You will have issues loading fixture data with MySQL if your database's default character set is not utf8. You can check your tables' charsets by running:

SHOW FULL COLUMNS tablename;

You can alter the charsets via:

ALTER TABLE tablename CONVERT TO CHARACTER SET utf8;

To do this for django-locality, you can first sync the database, alter the character set for the resulting tables, and then load the fixtures.
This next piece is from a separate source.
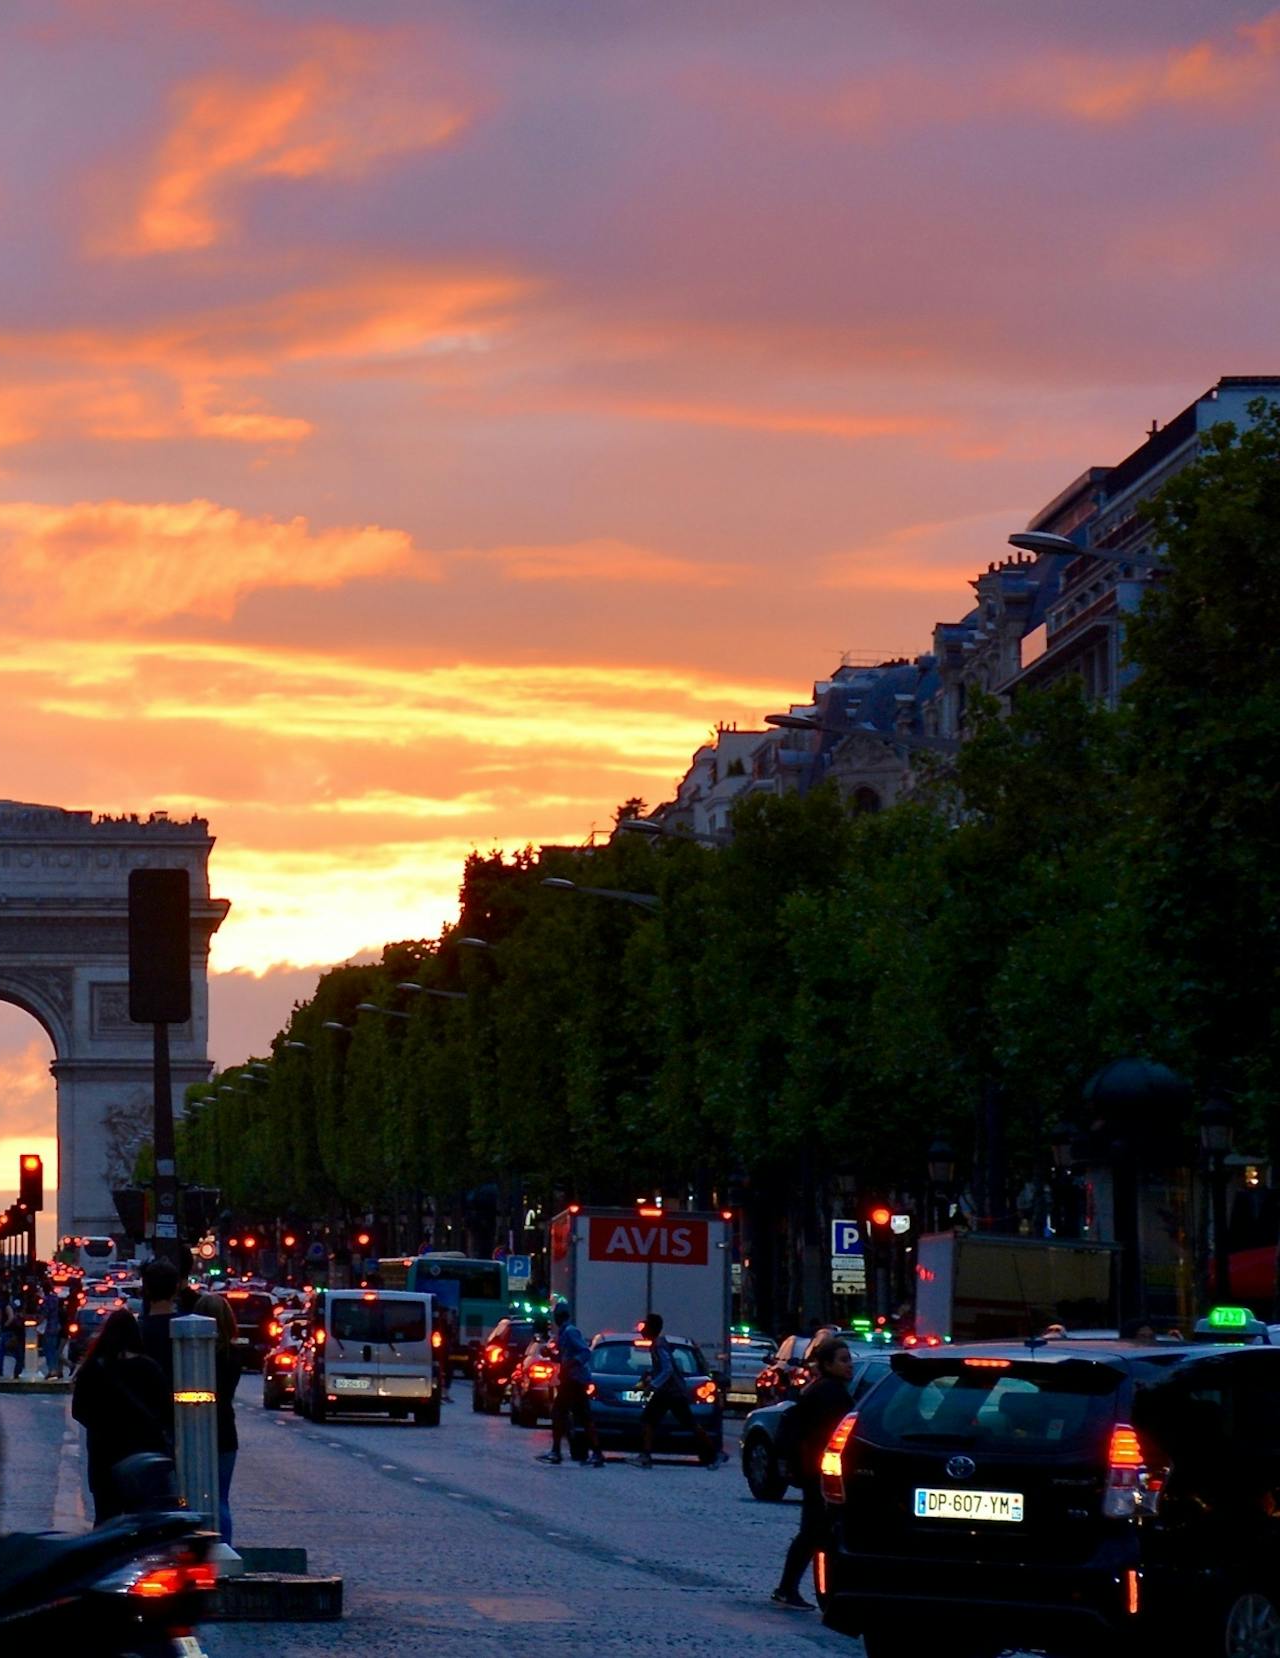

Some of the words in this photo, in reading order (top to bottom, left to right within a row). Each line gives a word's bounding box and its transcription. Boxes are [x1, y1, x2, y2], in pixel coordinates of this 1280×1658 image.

[606, 1226, 692, 1257] AVIS
[843, 1227, 859, 1250] P
[513, 1260, 524, 1275] P
[1215, 1310, 1242, 1324] TAXI
Upgrading from previous versions

django-locality used to create a locality_country table with a too-small name field, and does not (yet) include database migrations. If you were previously using an earlier version and encounter errors when trying to load locality.json, try deleting and recreating the relevant tables:

$ python manage.py dbshell
MariaDB [awesomeproj]> DROP TABLE locality_territory;
Query OK, 0 rows affected (0.01 sec)

MariaDB [awesomeproj]> DROP TABLE locality_country;
Query OK, 0 rows affected (0.01 sec)

MariaDB [awesomeproj]> exit
Bye
$ python manage.py syncdb

and then attempt to load the fixture again.

About

django-locality is a Django application which provides countries and territories as native Django models.